While 6 of the new chips are aimed at desktops, the rest are 17W and 35W chips aimed at notebooks and ultrabooks. It’s likely that the 17W processors will be some of the first we see in Ivy Bridge-powered ultrabooks.
The new chips include:
- 1.7 GHz Intel Core i5-3317U with 3MB L3 cache
- 1.8 GHz Intel Core i5-3427U with 3MB L3 cache
- 1.9 GHz Intel Core i7-3571U with 4MB L3 cache
- 2 GHz Intel Core i7-3667U with 4MB L3 cache
They’re all dual core chips with support for hyperthreading and turbo boost technology. They support 1600 MHz DDR memory and have graphics clock speeds of 350 MHz.
Intel will release cheaper, slightly less powerful Core i3 chips later this year.

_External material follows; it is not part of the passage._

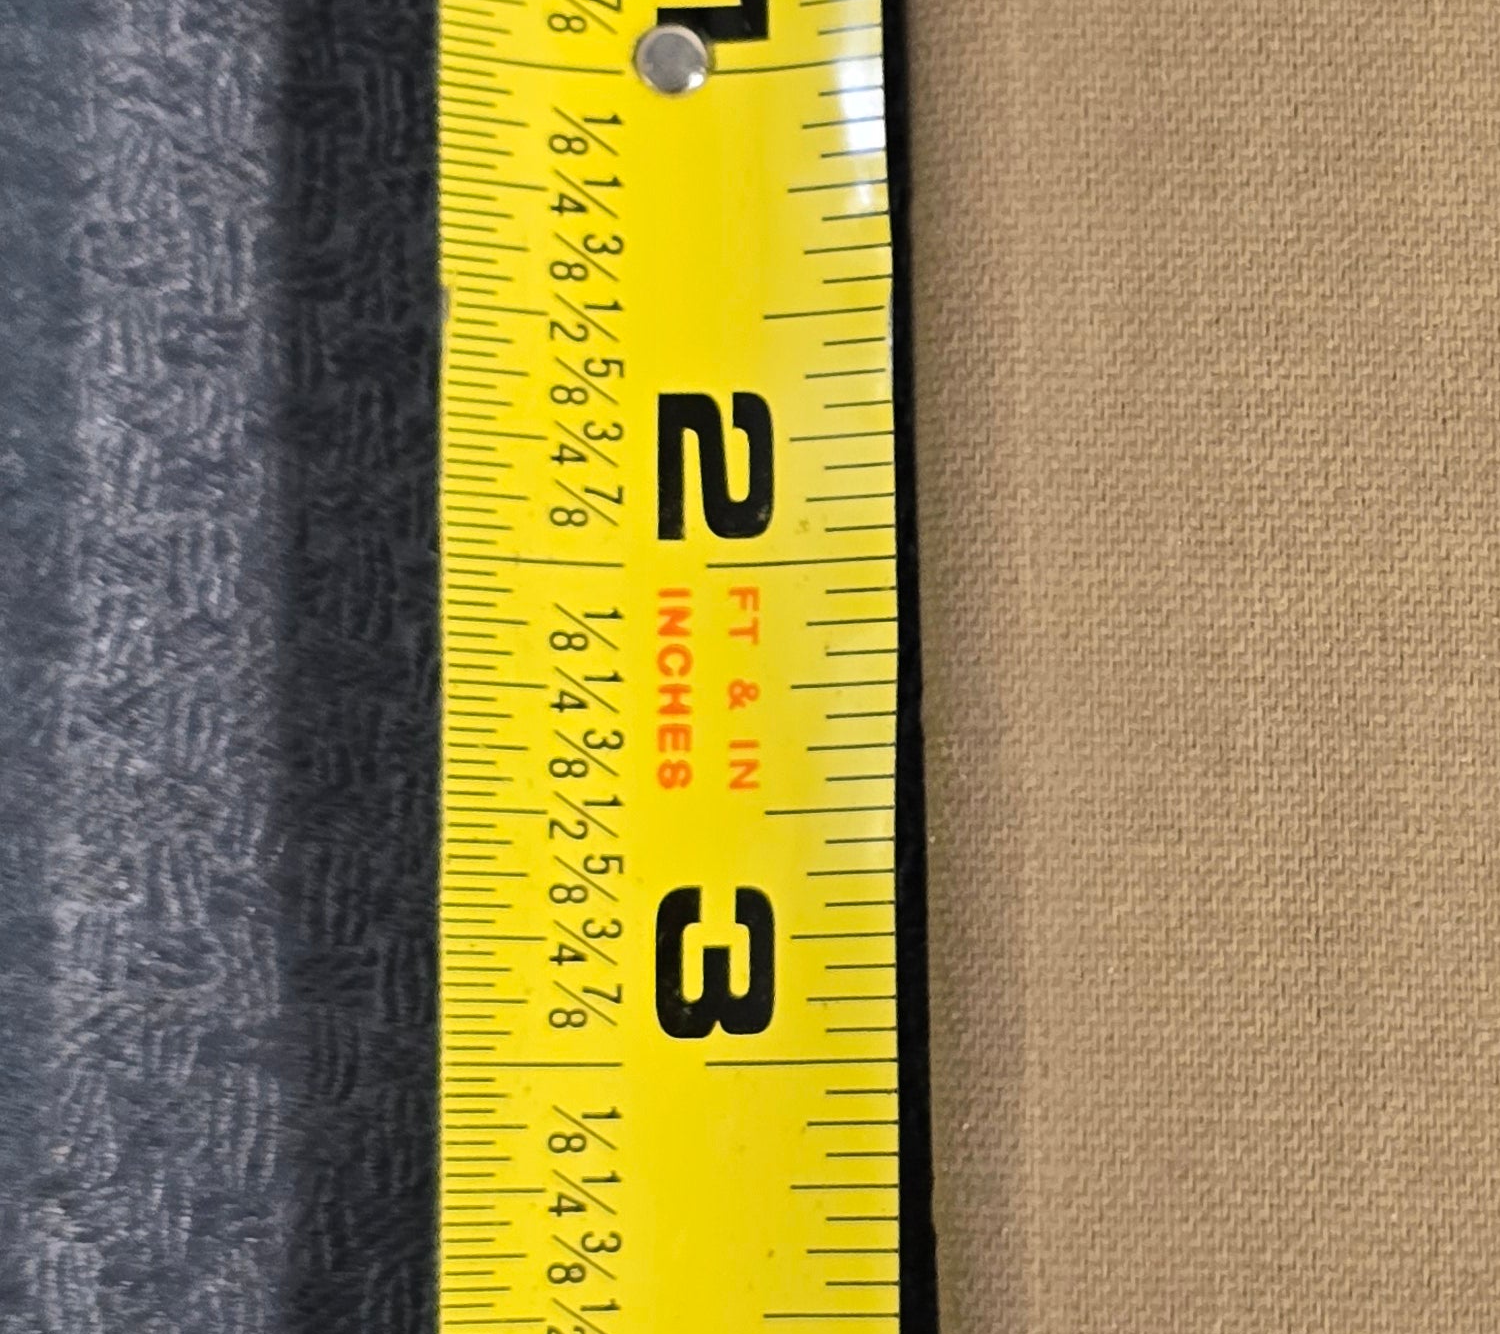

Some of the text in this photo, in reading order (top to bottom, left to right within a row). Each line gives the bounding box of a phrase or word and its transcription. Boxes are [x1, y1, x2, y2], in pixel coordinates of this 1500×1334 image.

The folks at Laptop Magazine have already benchmarked a few of the first laptops with dual-core Ivy Bridge procesors including the Asus Zenbook UX31A, Lenovo ThinkPad 230, and a sample machine from Intel.
So far the verdict seems to be that the new chips offer better performance than second-generation Core processors (Sandy Bridge) while consuming less power — and offering better battery life. As expected, they’re not as powerful as the quad-core Ivy Bridge chips though, so don’t expect to play bleeding edge video games on your next ultrabook.
Intel expects to see 110 new ultrabooks this year, many of which will be powered by the new processors. 10 will feature convertible tablet-style designs, allowing you to use the computers as notebooks or tablets. Another 30 will be traditional notebooks… but will have touchscreens built-in to take advantage of the new touch-friendly Metro user interface in Windows 8.
With the Computex trade show set to open in Taiwan next week, it’s likely we’ll see a number of those models soon.
Intel is also reportedly updating its requirements for ultrabooks. In order to call a thin and light notebook an ultrabook, PC makers will still need to keep the size under 18mm for smaller models and 21mm for computers with 14 inch or larger displays. But they’ll also now need to include either a USB 3.0 port or a Thunderbolt port for high speed data transfers.
New ultrabooks will also need to feature built-in security features such as Intel’s anti-theft and identity protection technology, The computers will also need to meet Intel’s guidelines for responsiveness.
Of course, the key thing setting all ultrabooks apart from other ultraportable laptops is the processor. Intel trademarked the term “ultrabook,” so if your computer has an AMD processor, it’s not an ultrabook — no matter how much it might look like one.